= Animal Cracker Conspiracy Puppet Company =

Animal Cracker Conspiracy Puppet Company, or Animal Cracker Conspiracy (ACC), is a contemporary hybrid puppet company co-founded by Iain Gunn and Bridget Rountree that is invested in pushing the boundaries of kinetic performance, creating performances that "decenter expectations, open new avenues of thought, and invoke the uncanny." Their ongoing practice is based on a shared interest and exploration of where fine art, puppetry, performance art, circus, dance, film, and mixed media intersect. They perform nationally and internationally out of a multiplicity of venues such as La Jolla Playhouse in San Diego, California, where the company resides. ACC specializes in inclusive multimedia performances that encourage difficult discussions and foster community through local theater, Street Parades, and national tours.

Gunn and Rountree have served as directors, designers, developers, producers, and puppeteers in the company's productions since its founding.

== History ==

=== Early life ===
In 1993, Iain Gunn received a Bachelor of Fine Arts from the University of British Columbia. Bridget Rountree received a B.A. in Literature studying domestically at UC Berkeley and UC Santa Barbara in 2005 as well as one in Fine Arts internationally at La Scuola Lorenzo de' Medici in Florence, Italy. They joined forces in 2004 after they met at the San Diego Children's Museum where Gunn was an artist in residence while working with Fern Street Circus, a community circus for underserved youth.
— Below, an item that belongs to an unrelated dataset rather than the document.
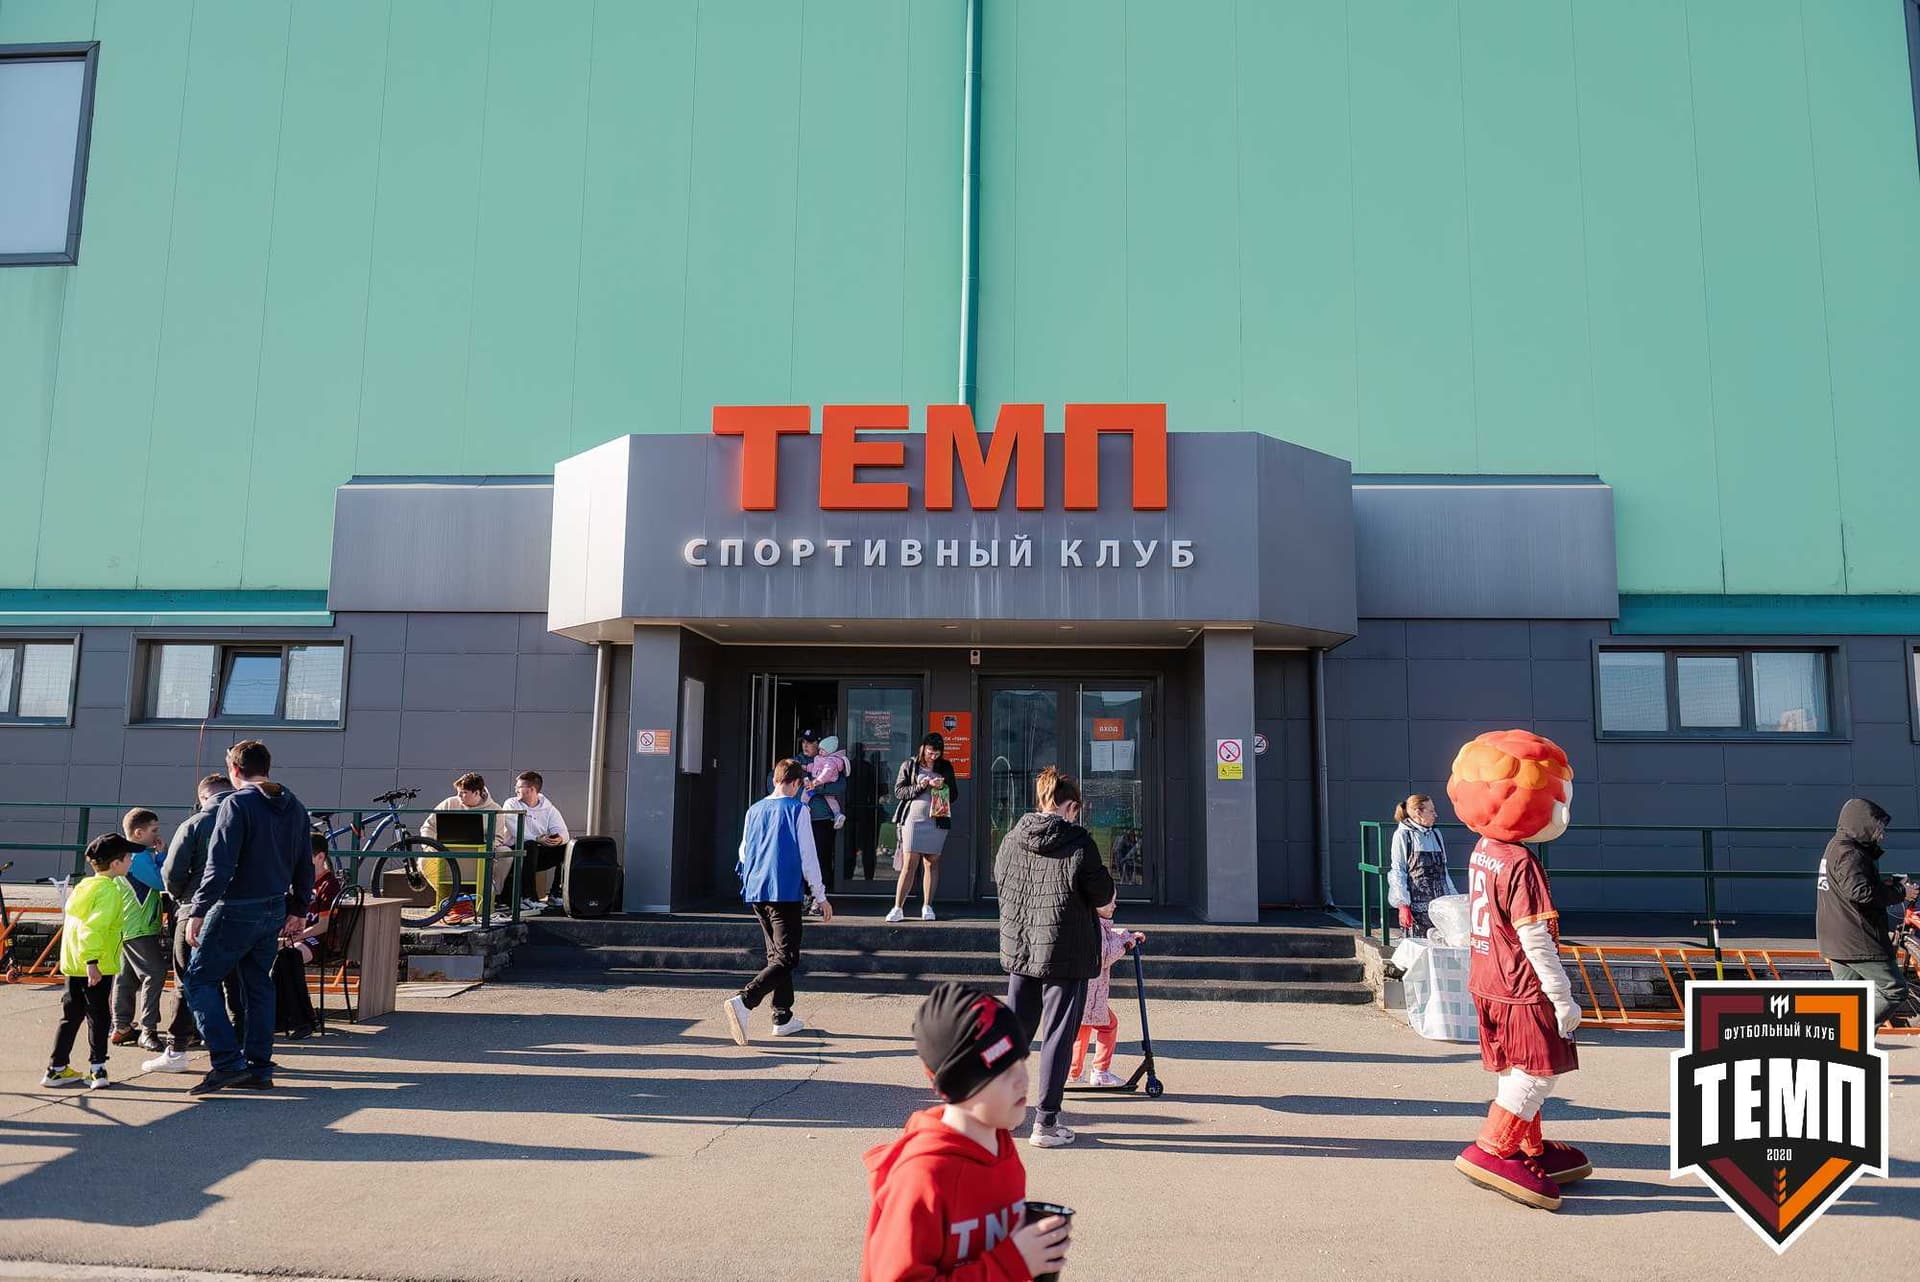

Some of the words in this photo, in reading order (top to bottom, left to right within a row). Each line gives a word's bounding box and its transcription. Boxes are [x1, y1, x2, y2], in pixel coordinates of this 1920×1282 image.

[713, 404, 1167, 510] ТЕМП
[683, 534, 1032, 568] СПОРТИВНЫЙ
[1061, 539, 1196, 569] КЛУБ
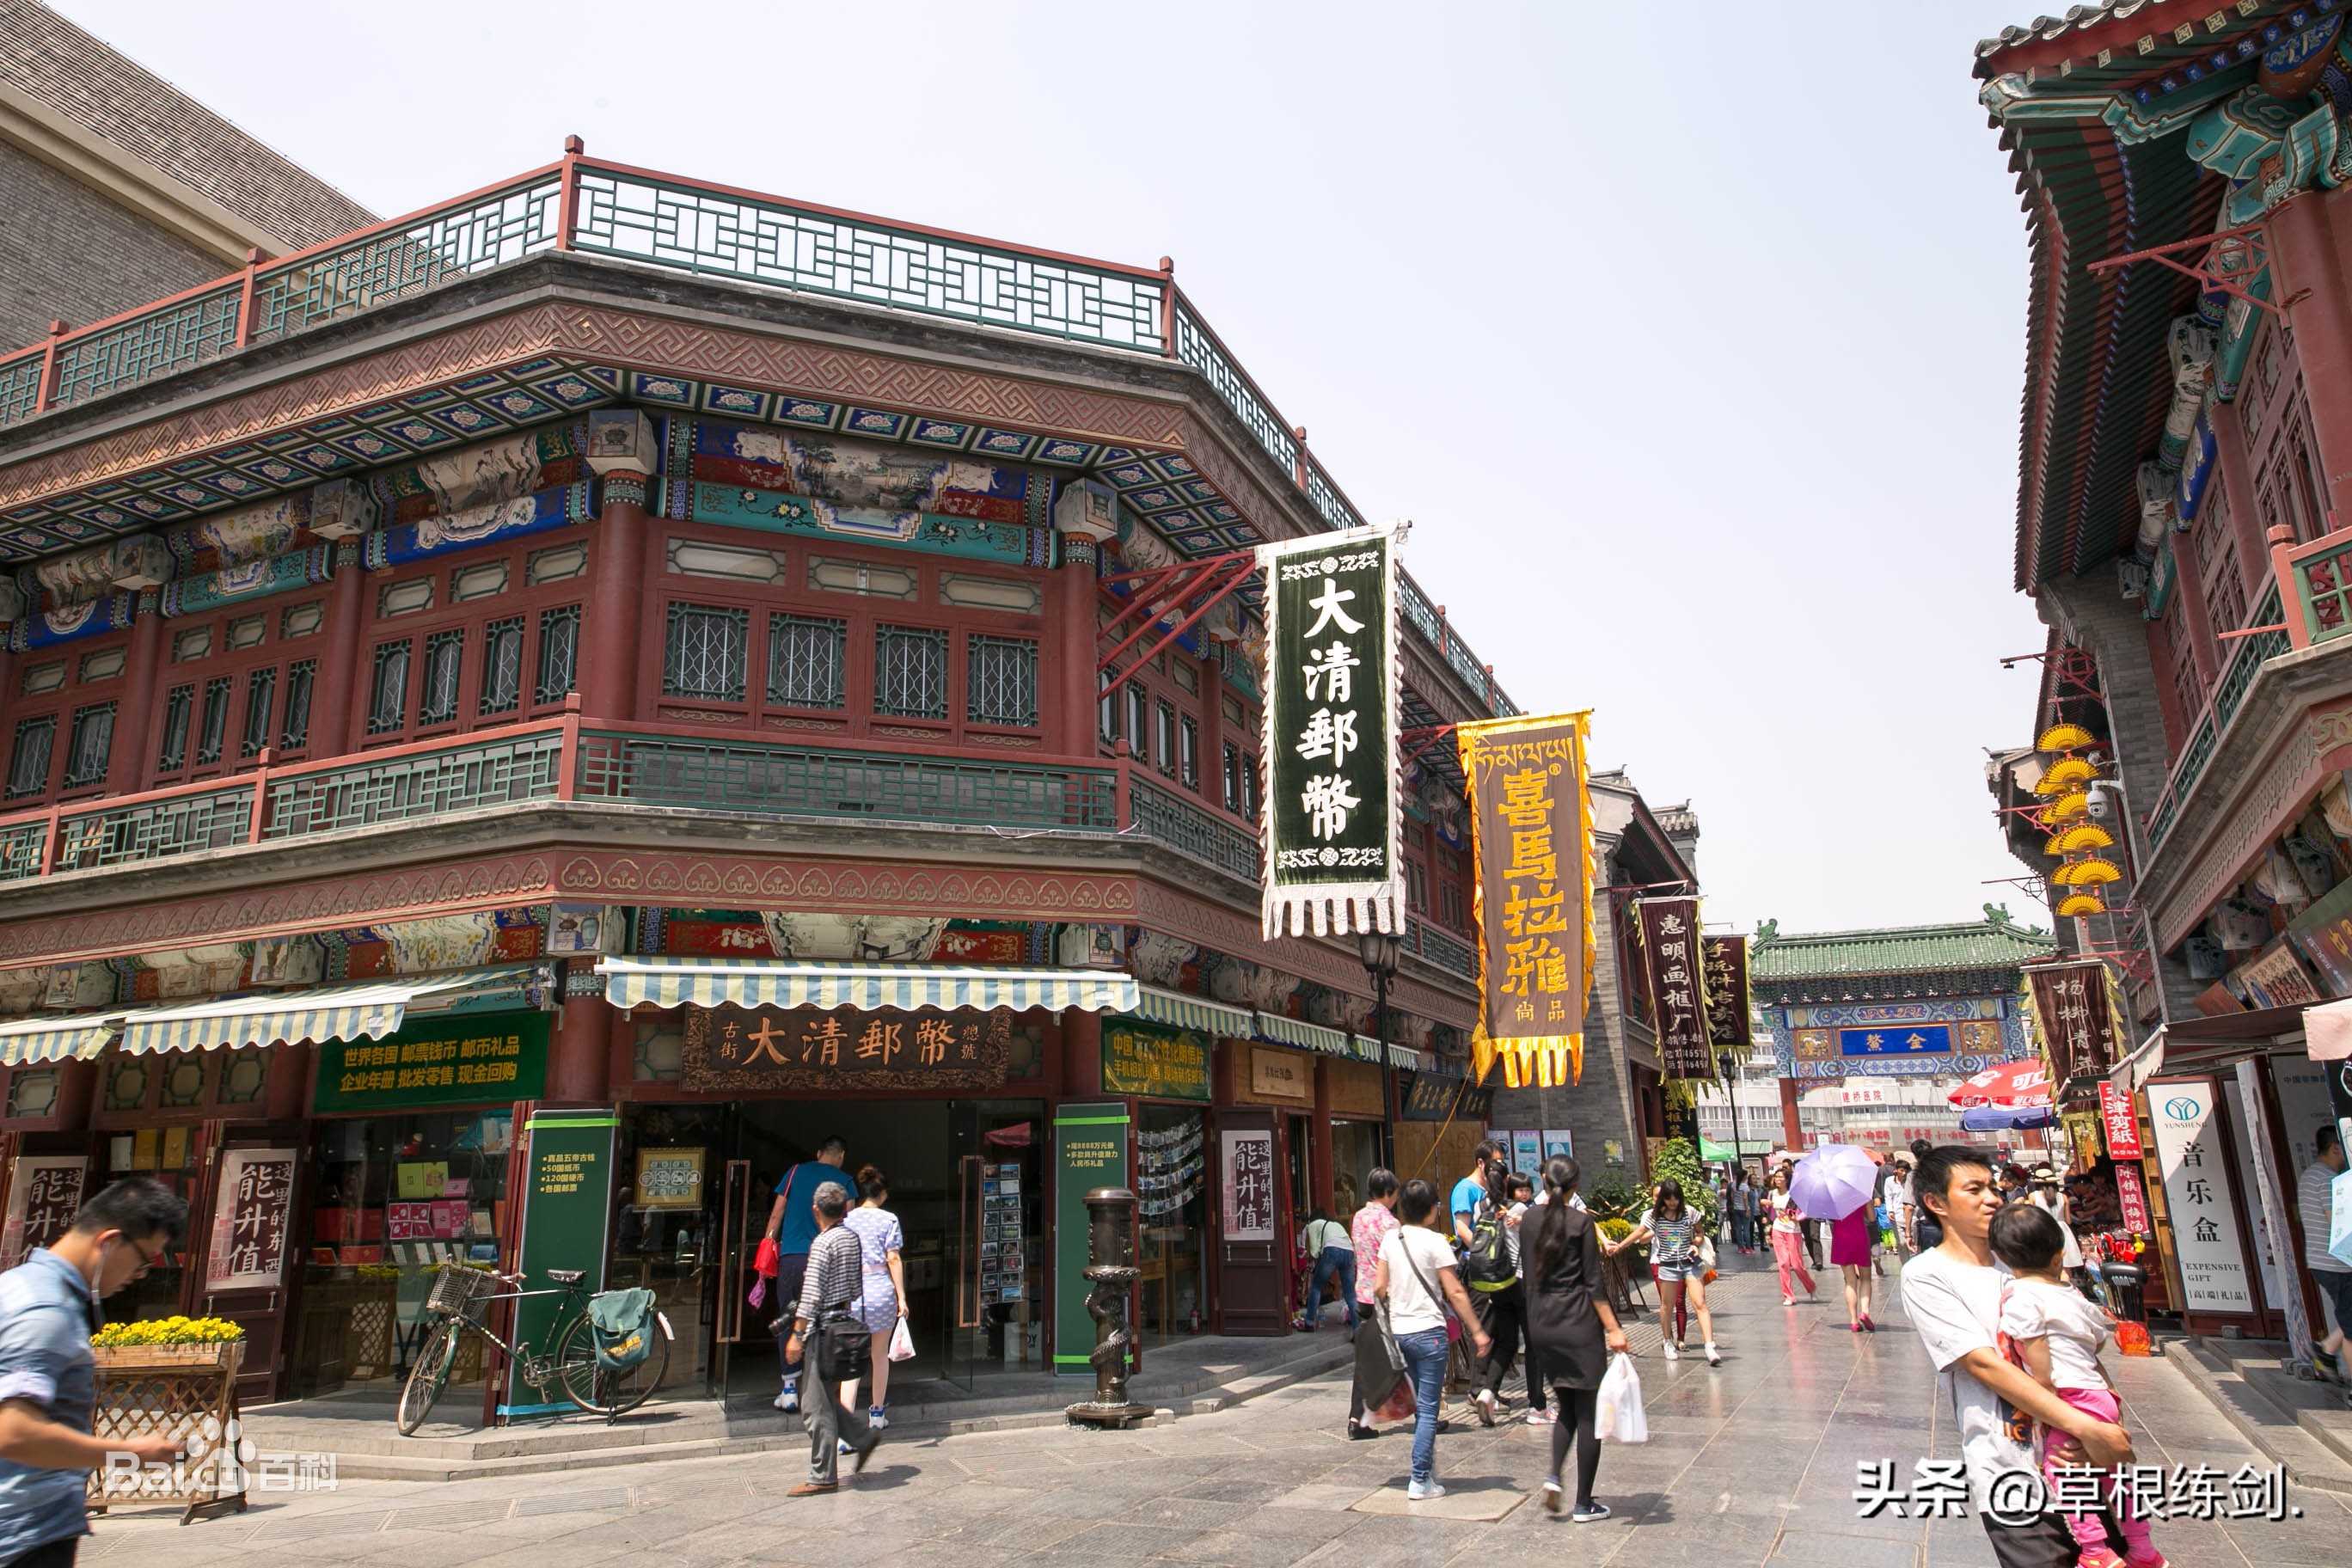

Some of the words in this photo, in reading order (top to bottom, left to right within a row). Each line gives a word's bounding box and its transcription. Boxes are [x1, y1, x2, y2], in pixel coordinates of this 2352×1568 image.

They collaborated in San Diego's underground performance scene with Technomania Circus, which gave rise to the creation of their own collective circus, Zirk Ubu, as well as Animal Cracker Conspiracy.

=== 2006–present: Professional Experience ===
2006–Present: Animal Cracker Conspiracy; Co-founder, Director, Puppeteer, Designer
2005–2006: San Diego Art Department; Art Instructor teaching foundation painting, drawing, sculpture
2005–2011: San Diego Guild of Puppetry; Puppetry Instructor, Puppeteer
2007–2011: Zirk Ubu; Co-founder, Director, Puppeteer Designer, Performer
2007–2013: Dragon Knights; Stilt walker, Character Actor, CA
2013: Bedlam Theater, Workshop using puppetry and storytelling
MiraCosta College Actors Academy, Puppetry Workshop, co-Teacher, Guest Lecturer
2014: Eurydice, Theater Class USD, Puppetry Manipulation, Shadow Intensive, Guest Lecturer
Puppetry Development Intensive USD; Co-Teacher, Movement, director
2015: When It Comes, Old Globe, Puppet Development, Manipulation, designer

== Work ==
Animal Cracker Conspiracy produces puppet shows, cabarets, and multidisciplinary exhibitions, many of which they have toured and performed for local, national, and international audiences.

=== Society of Wonder ===

Commissioned by La Jolla Playhouse Without Walls (WOW) in 2020, Society of Wonder is a series of six short live action puppet films. The story is set in a not-too-distant world in impending collapse, partly due to the global disappearance of chickens and partly due to a monopolistic technocracy which has innocuously taken over the world. The protagonists, five seemingly unrelated characters, receive mysterious signs and some coercion from a mysterious 6th character (the Cyborg) that eventually leads them all to one another and to the unearthing of magic. The use of puppets in Society of Wonder supports both the concept and content of the production. They serve as a bridge between the human and the spirit realm, which are invoked throughout the story in the search for magic, knowledge and the responsibility of humans to reconnect both to nature and culture.

=== Paper Cities ===

Paper Cities, or Strategies to Avert the Coming Megalopolis is an ongoing experiment in devised puppet performance. They use puppets, animated objects, dance/anti-dance(movement), original film and live music as routes to create and question meaning in an increasingly uncertain time environmentally, socially, politically and spiritually. The inquiry: what epistemologies have led to this precariousness? How have textual information and images, sense and law, architecture and habit, played a part? Drawing from Gunn and Rountree's personal histories as art makers, lovers, and great-granddaughters and great-grandsons of colonial settlers, they implicate themselves with the 'other.' They interrogate historical narratives, settler/expansionist movements that have led to an epistemology of 'progress' that occludes the realities of war, genocide, imperialism, and environmental degradation.

=== The Collector ===
Performed with toy and object theatre, table-top puppets, stop motion animation, and film, The Collector is a mysterious tale set in an alternate reality. The story follows a lowly debt collector who, under the management of a mechanical, tyrannical overseer, undergoes a radical transformation of spirit in the process of collecting outstanding debts. As he travels through an urban landscape, the boundaries between object and self collide, and a multidimensional, mixed media performance through Orwellian, Neo-Victorian lenses unfolds.

=== Gnomesense ===
Gnomesense! A Happening in the Garden! is a parade performed with giant puppets, stilt walkers, dancers, and musicians, offering dreamlike, meta-impromptu dance parties and singalongs for audiences to engage with and enjoy.
Led by a group of benevolent, "mystical garden beings", Gnomesense serves to invoke "spirits of nonsense, serious play, and make believe to come out and bask in the sunshine," drawing inspiration from carnival processions across the globe, including giant puppetry used in Indonesian, Italian, and Japanese cultures.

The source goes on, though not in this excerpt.